PROBLEM DETAILS —
The records below must be written out exactly, with every picture left behind.

[Stored items from a collection]
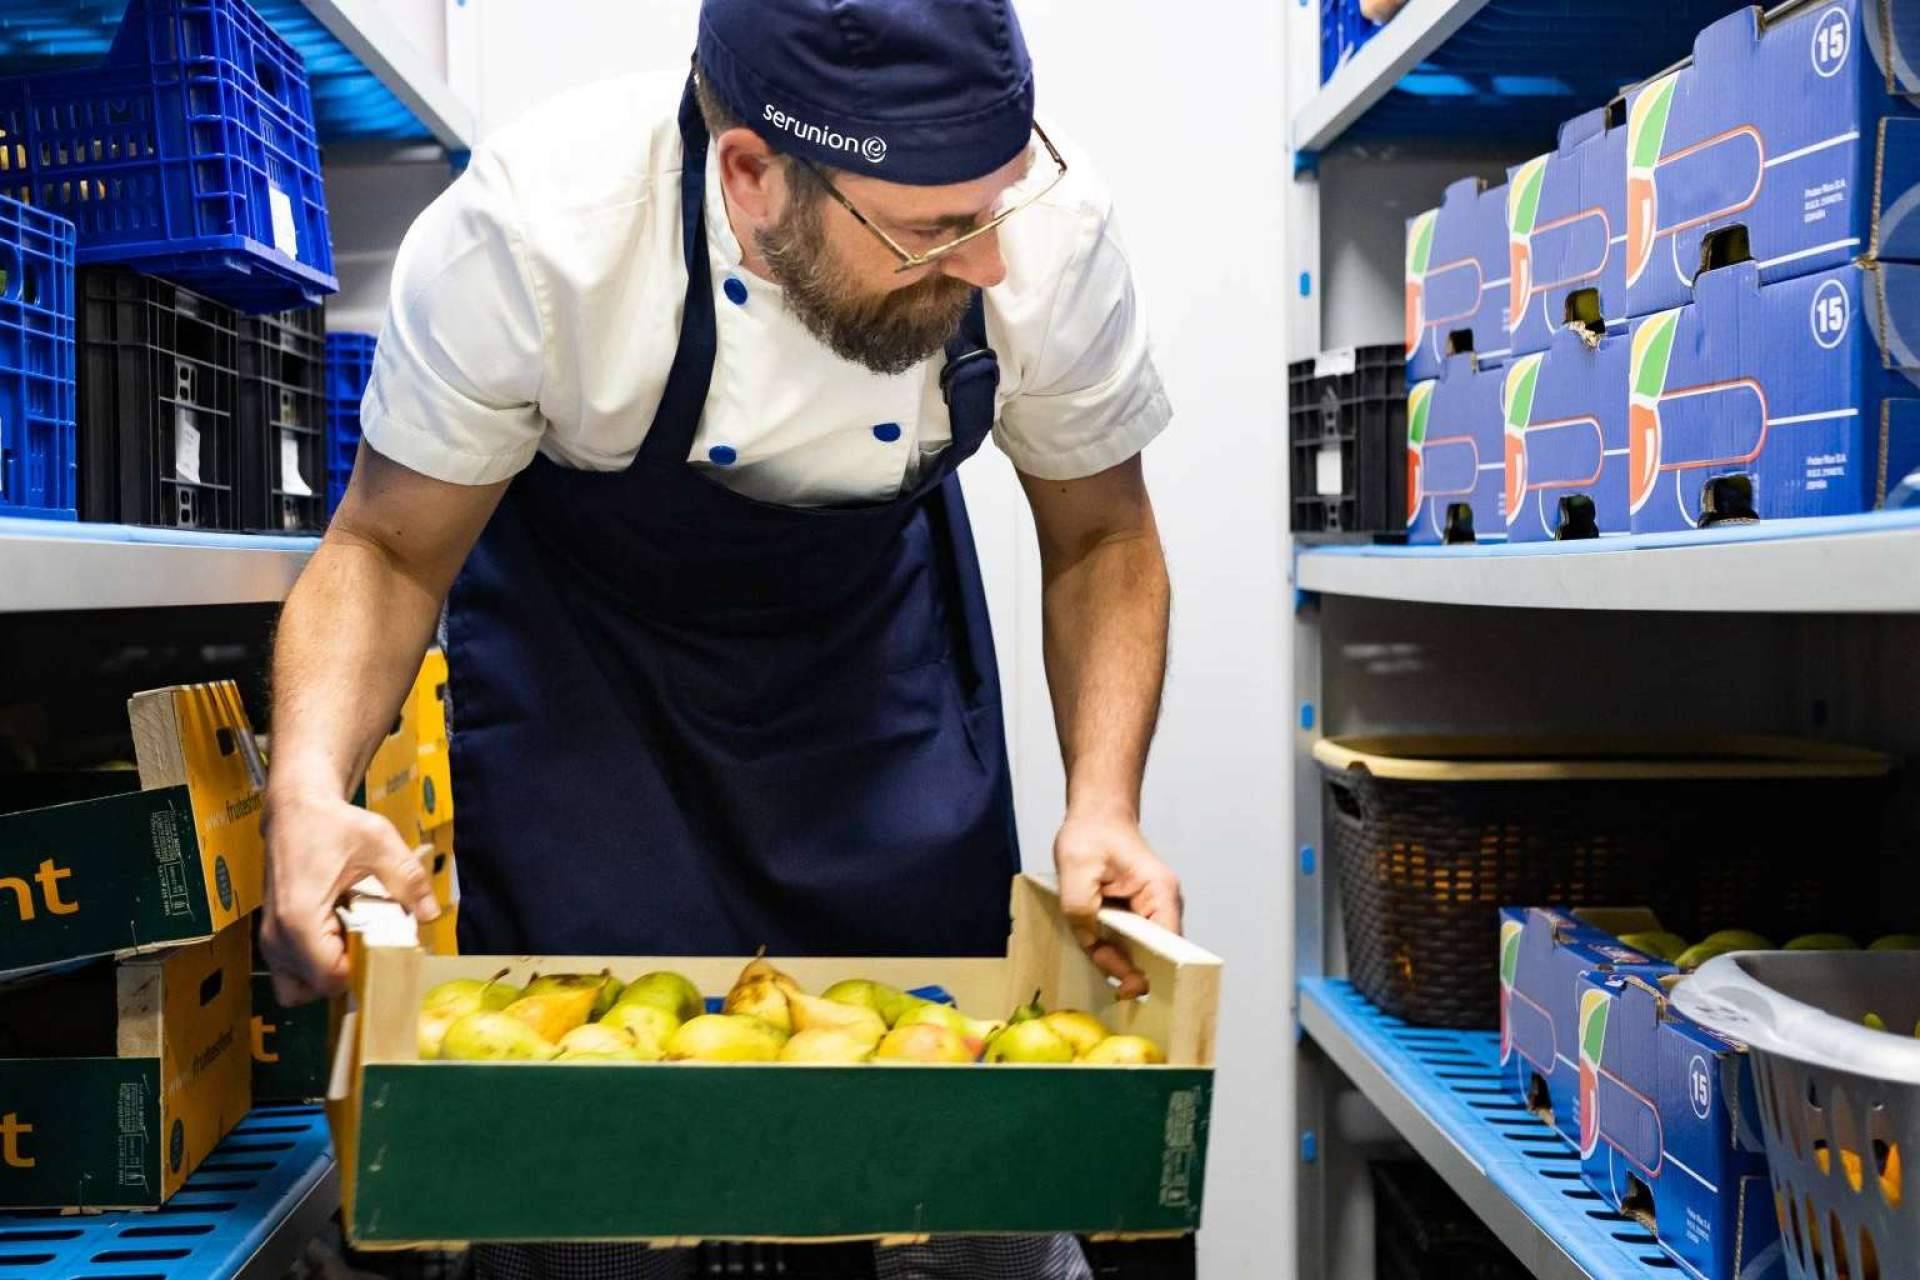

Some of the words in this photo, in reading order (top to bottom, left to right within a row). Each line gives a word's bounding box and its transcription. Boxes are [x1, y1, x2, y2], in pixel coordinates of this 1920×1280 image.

[1818, 22, 1844, 63] 15
[762, 103, 859, 153] serunion
[1817, 295, 1843, 333] 15
[1692, 1071, 1708, 1106] 15
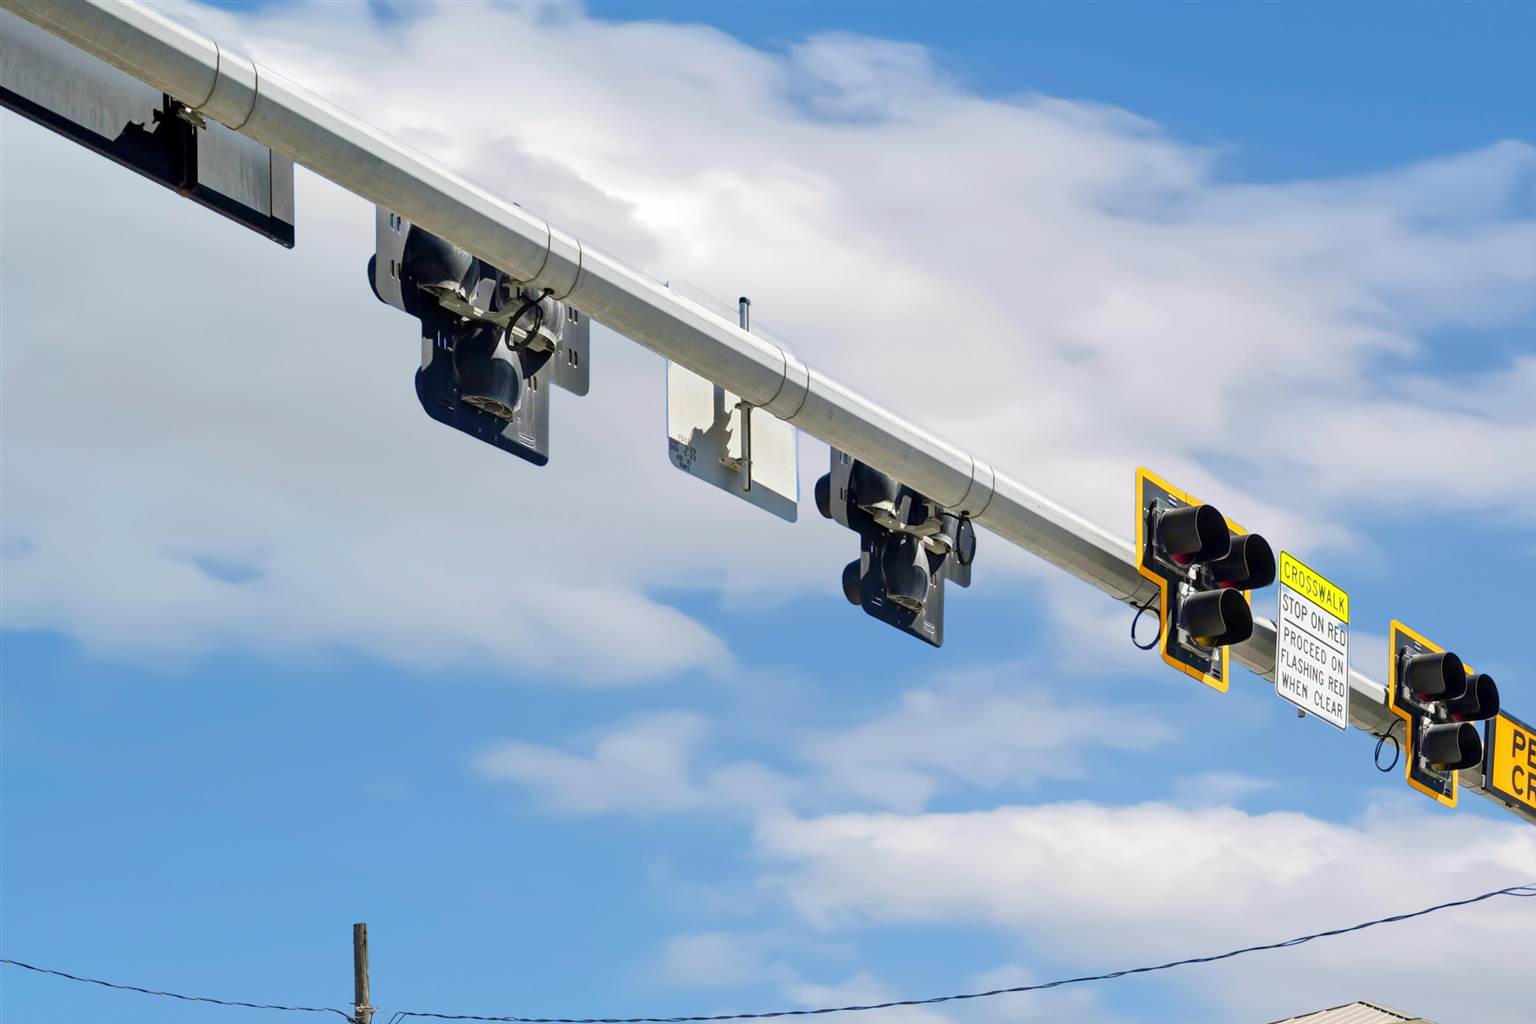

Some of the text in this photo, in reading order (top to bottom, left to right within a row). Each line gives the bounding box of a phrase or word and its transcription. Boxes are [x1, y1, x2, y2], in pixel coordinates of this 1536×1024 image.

[1284, 561, 1345, 615] CROSSWALK
[1282, 593, 1346, 647] STOP ON RED
[1281, 649, 1345, 698] FLASHING RED
[1283, 626, 1344, 675] PROCEED ON
[1282, 671, 1343, 719] WHEN CLEAR
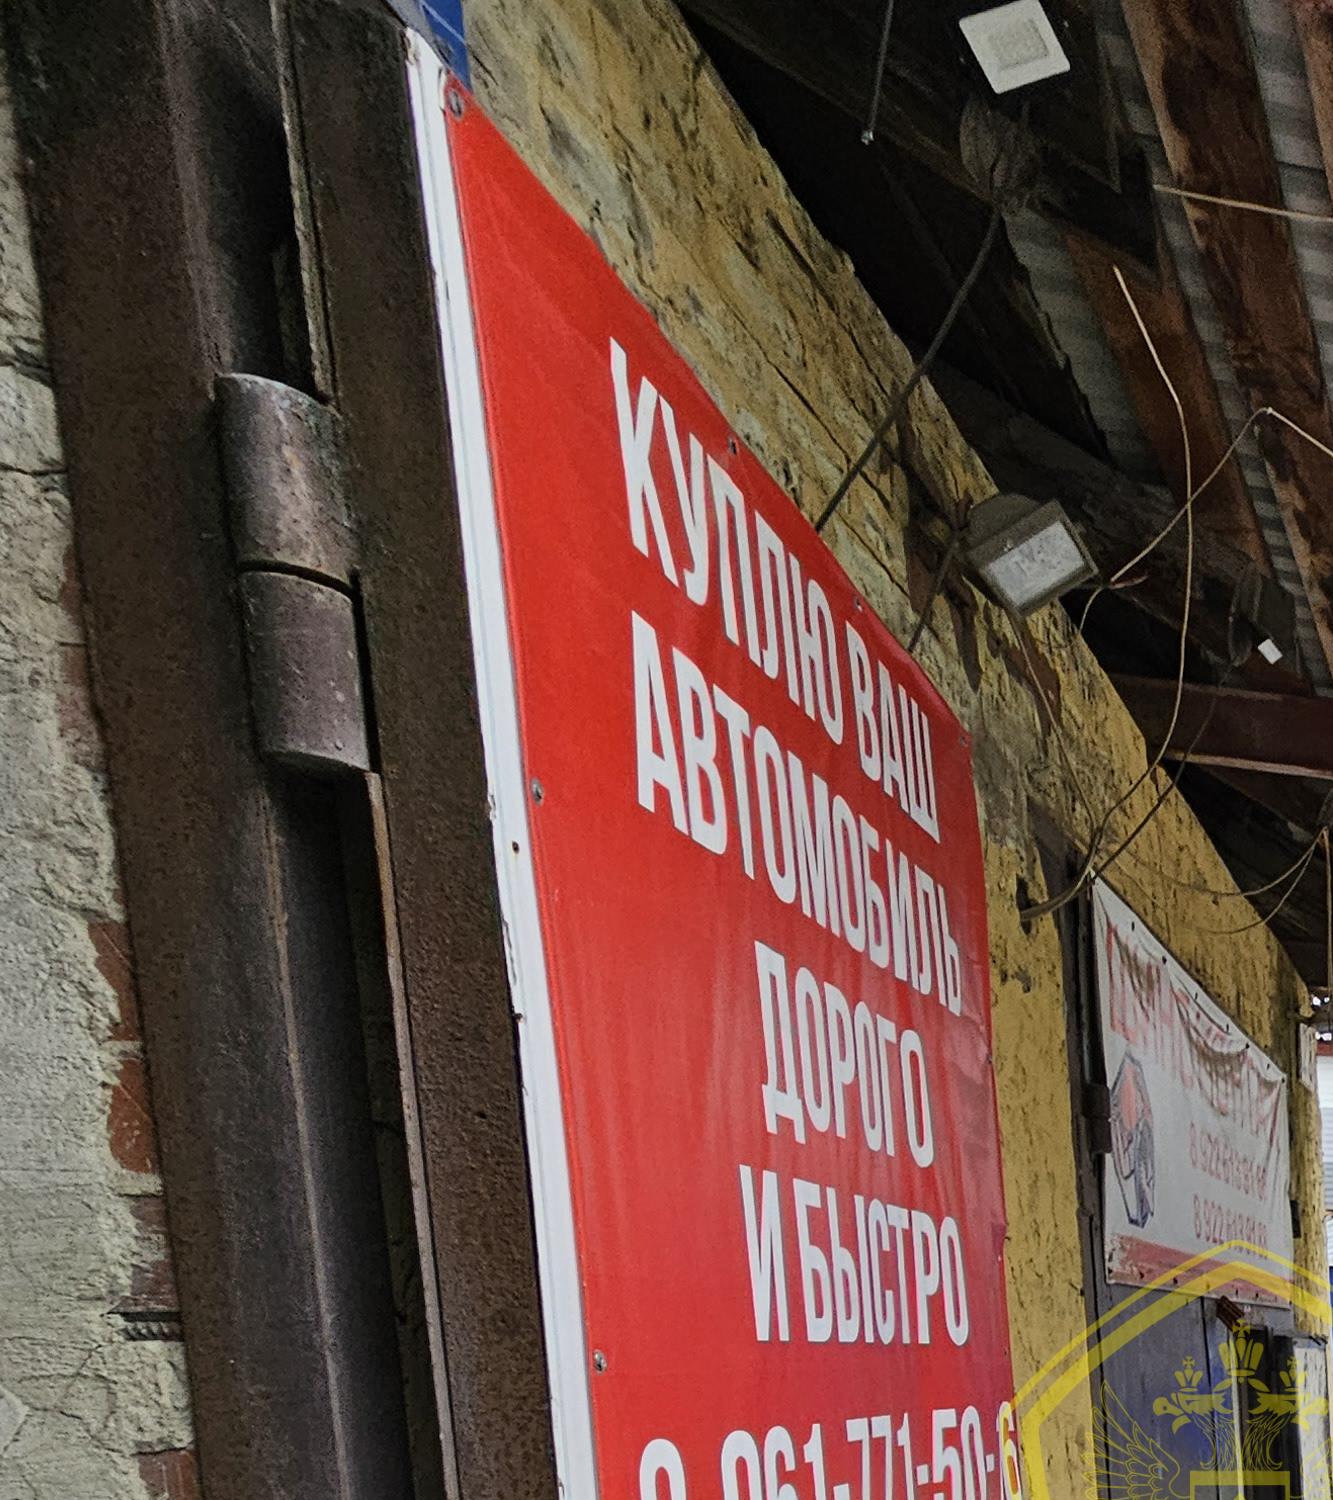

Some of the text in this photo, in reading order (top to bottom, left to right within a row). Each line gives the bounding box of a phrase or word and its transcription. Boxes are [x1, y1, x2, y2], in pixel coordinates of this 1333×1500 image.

[610, 337, 940, 843] КУПЛЮ ВАШ
[631, 610, 961, 1016] АВТОМОБИЛЬ
[754, 941, 934, 1167] ДОРОГО
[739, 1165, 968, 1346] И БЫСТРО
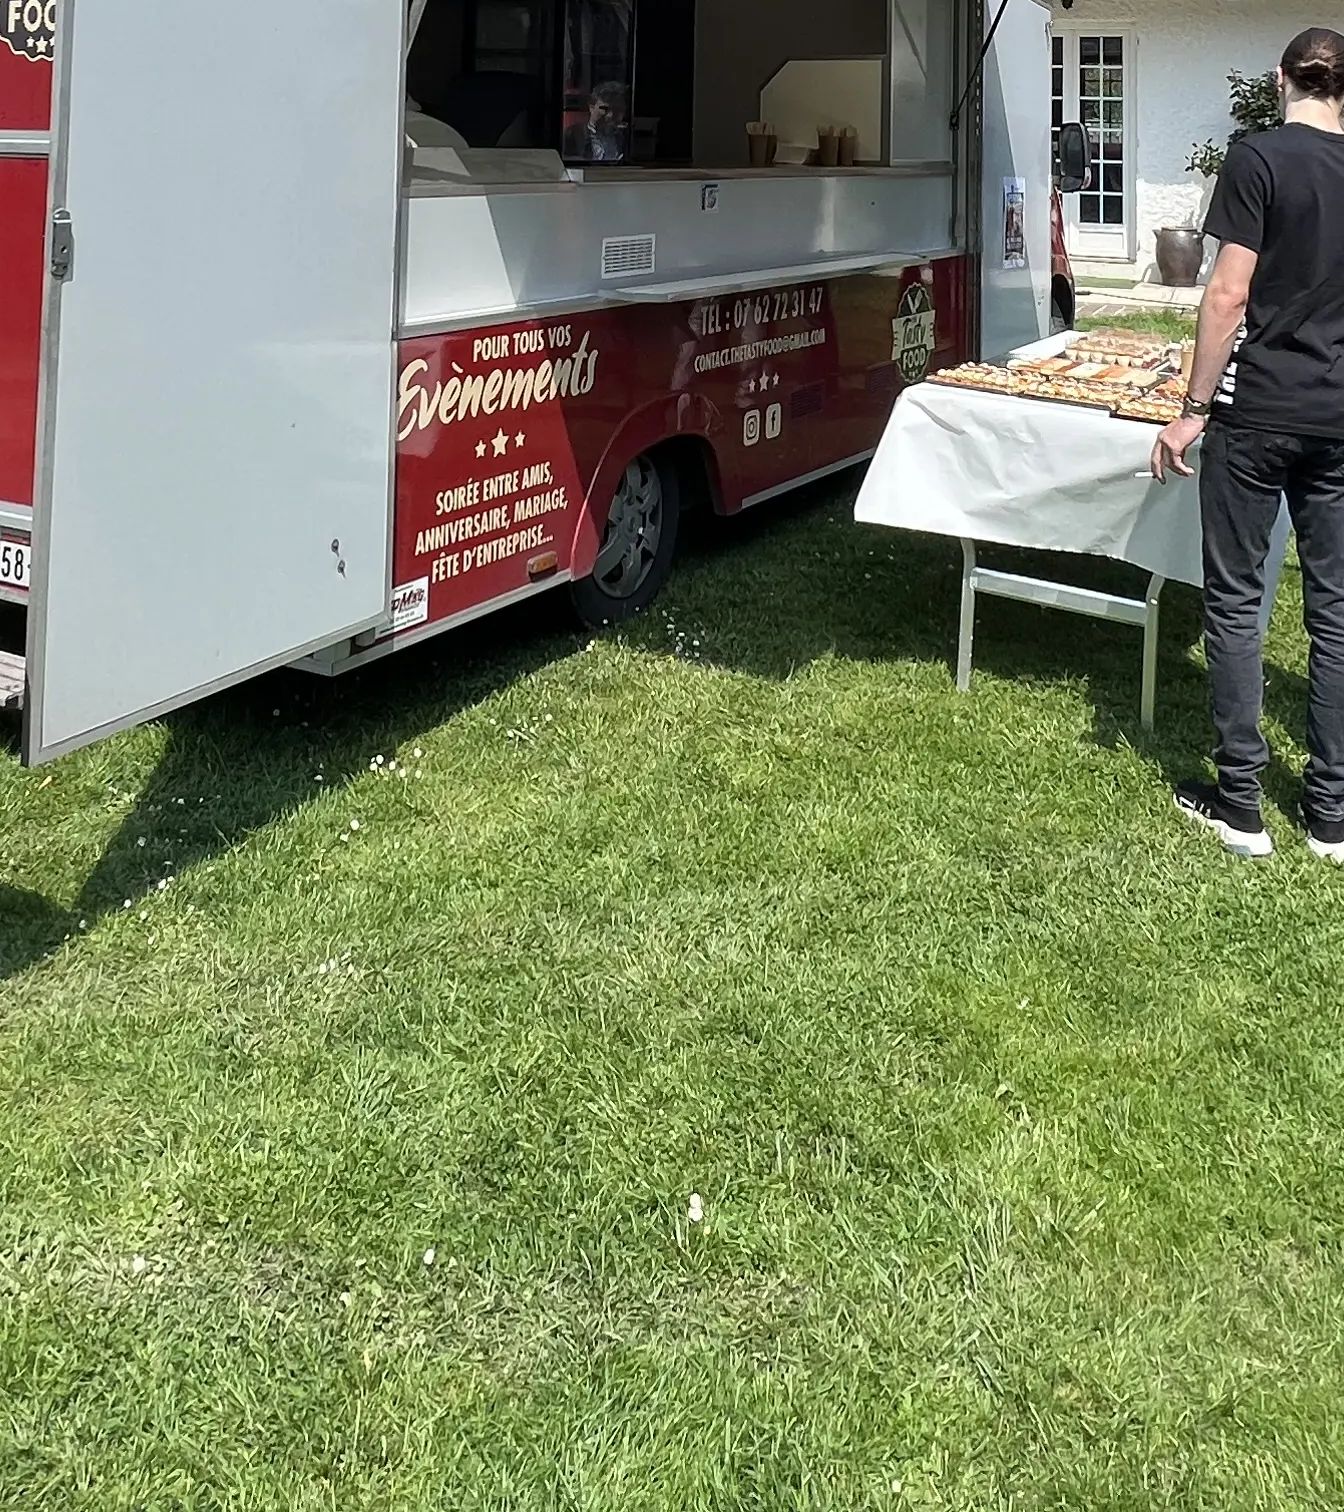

TASK RESULT —
Some of the words in this photo, in reading order (top to bottom, left to right within a row). Each line gives a word's bounding box and its transcription. Boxes are [x1, y1, x2, y2], in pixel coordinates of this 1920×1280 image.

[1818, 22, 1844, 63] 15
[762, 103, 859, 153] serunion
[1817, 295, 1843, 333] 15
[1692, 1071, 1708, 1106] 15

Some of the text in this photo, in reading order (top to bottom, left to right within a row). Each line gives the bounding box of a phrase or word and its transcription. Boxes are [x1, y1, x2, y2], in pixel coordinates of this 1536×1024 image.

[1284, 561, 1345, 615] CROSSWALK
[1282, 593, 1346, 647] STOP ON RED
[1281, 649, 1345, 698] FLASHING RED
[1283, 626, 1344, 675] PROCEED ON
[1282, 671, 1343, 719] WHEN CLEAR

Some of the text in this photo, in reading order (top to bottom, left to right within a row). Each line gives the bounding box of a phrase or word and its transcription. Boxes are [x1, y1, x2, y2], in pixel coordinates of this 1333×1500 image.

[610, 337, 940, 843] КУПЛЮ ВАШ
[631, 610, 961, 1016] АВТОМОБИЛЬ
[754, 941, 934, 1167] ДОРОГО
[739, 1165, 968, 1346] И БЫСТРО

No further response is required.